There is one very overlooked tactic (or perhaps under regarded): to purposefully keep individuals outside of the main rallying mass to manipulate the situation. To have a small reserve of individuals beyond the main body, who are devising plans of escape or distraction for the greater whole, is a crucial element. Police utilize officers in this role, which could also be considered a Scout. It is these people who are free to come and go without scrutiny, and without the police monitoring their behaviors closely. These actors should be in plain clothing and remain at such a distance that they are able to avoid scrutiny by police. These separate individuals or groups should have extra supplies.

Organizers should also examine what specific actions provoke a police response. We have seen that marching on the street in insufficient numbers causes a response, but is it just that simple? It seems that certain streets and targets have a higher concern to the police. Certainly the roads that move mass-transit, and the highways, are of the highest priority. Bridges seem to be a high concern too. A group could avoid these high-priority areas, or they could utilize them as a distraction.
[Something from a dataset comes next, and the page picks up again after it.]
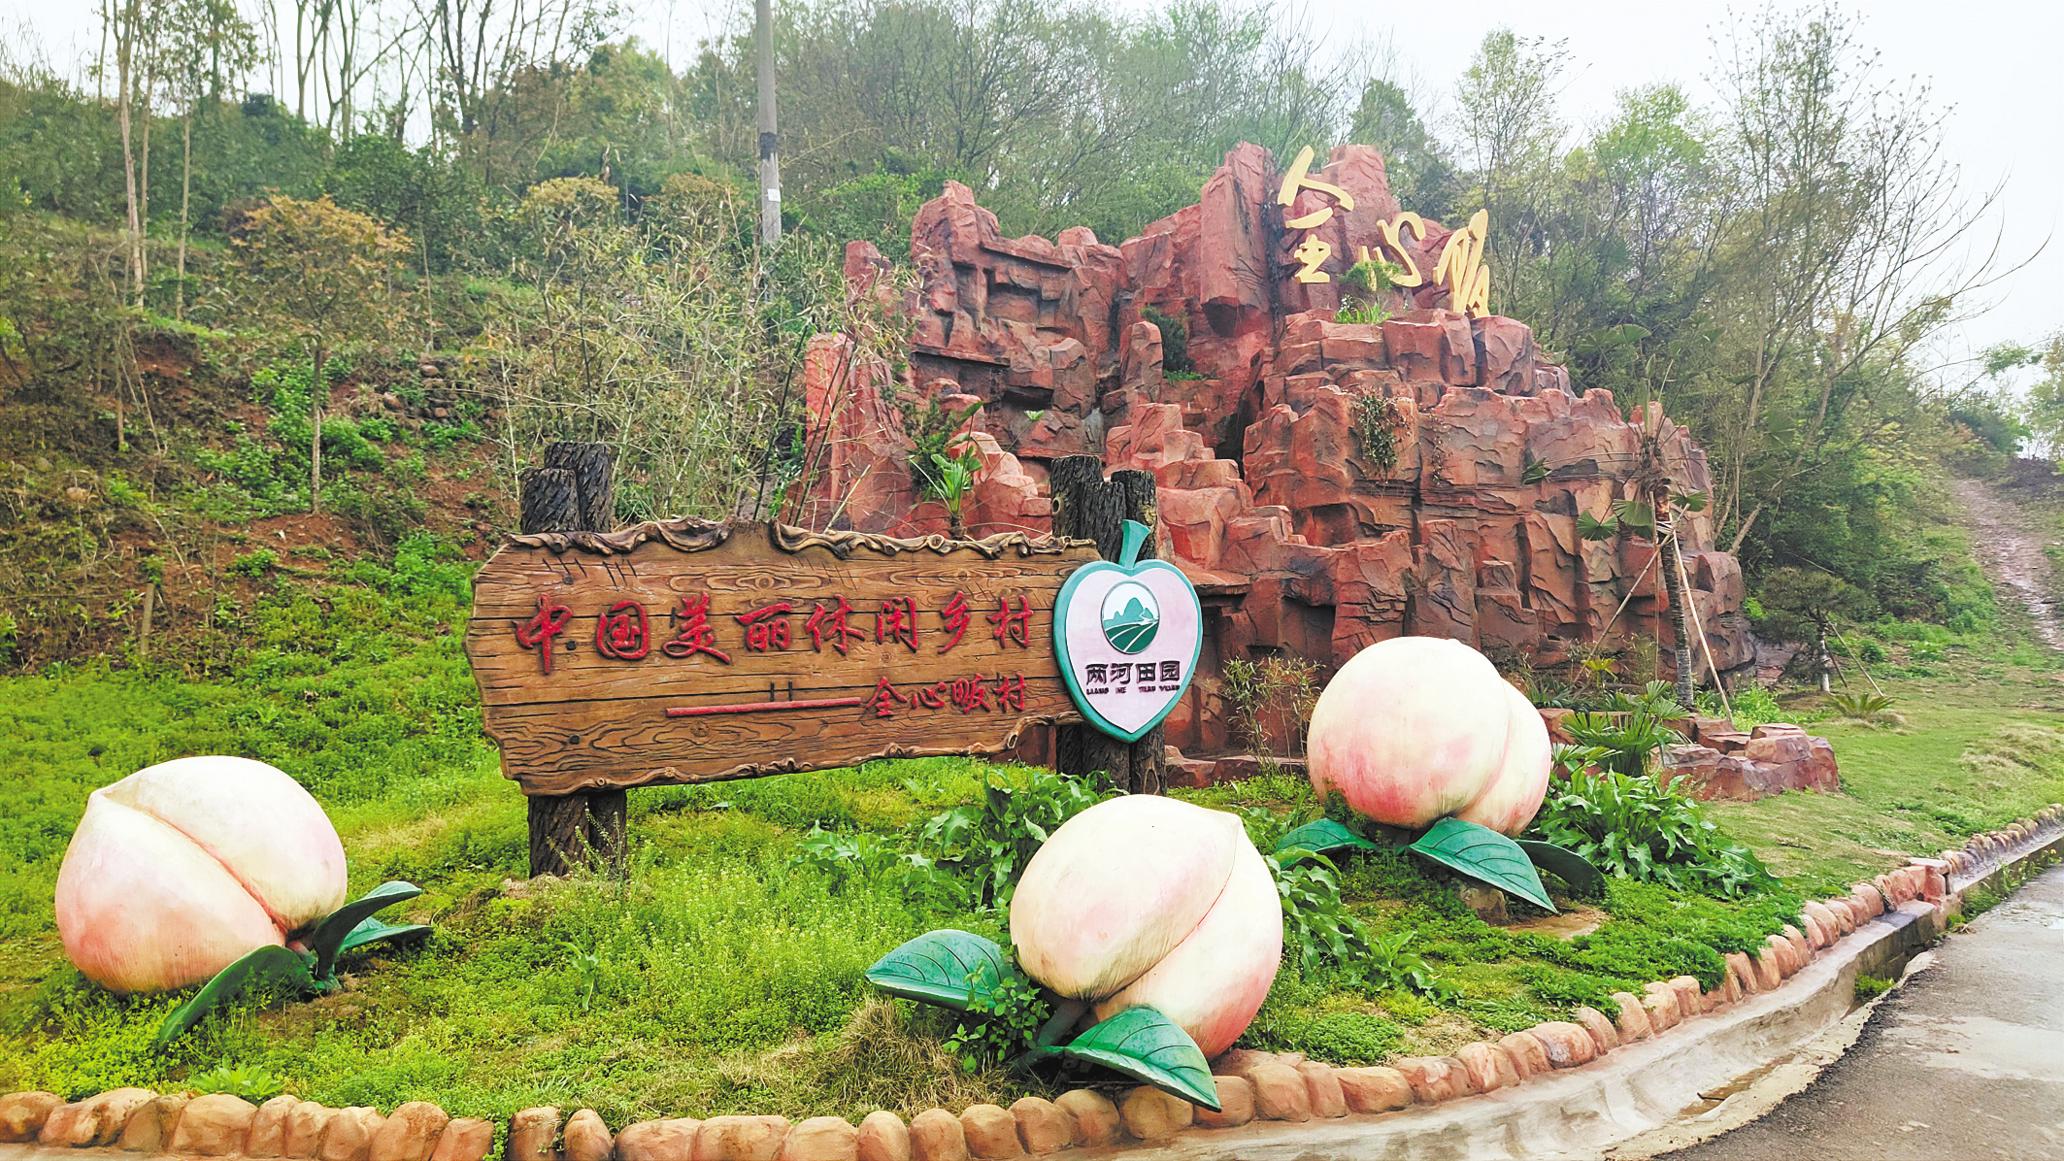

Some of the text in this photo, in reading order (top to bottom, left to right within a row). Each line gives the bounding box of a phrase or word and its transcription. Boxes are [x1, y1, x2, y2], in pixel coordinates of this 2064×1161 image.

[511, 591, 1034, 676] 中国美丽休闲乡村
[864, 671, 1026, 718] 全心畈村
[1085, 660, 1181, 685] 两河田园
The most important thing to remember is the need police have for protestors to be arrested and cause havoc or emergency. There is no badge of honor, and nobody gets laid because they were arrested (though, seriously, wouldn't that be rad? If everyone got laid who got arrested, more people would be arrested - spend a few minutes thinking about a naked body against yours when you get out of the cell). The unjust laws censoring our speech and assembly only exist because the public has been fooled into believing that we will create an emergency by marching in the streets. Therefore, the best way to challenge a law abridging our free speech and assembly is by showing that there was no emergency justifying it. Consider how often even the most trivial property damage is displayed by the media as justification for the brutality by the police. Consider how Occupy encampments across the nation were broken up because of "health emergencies". If we are looking to spread our ideas, we should provide no justification for police brutality against us, for when they do use violence against us, it will show the true injustice of their actions and people will support us. Therefore, activists must always maintain the moral higher ground or else society will always applaud violence being used against them.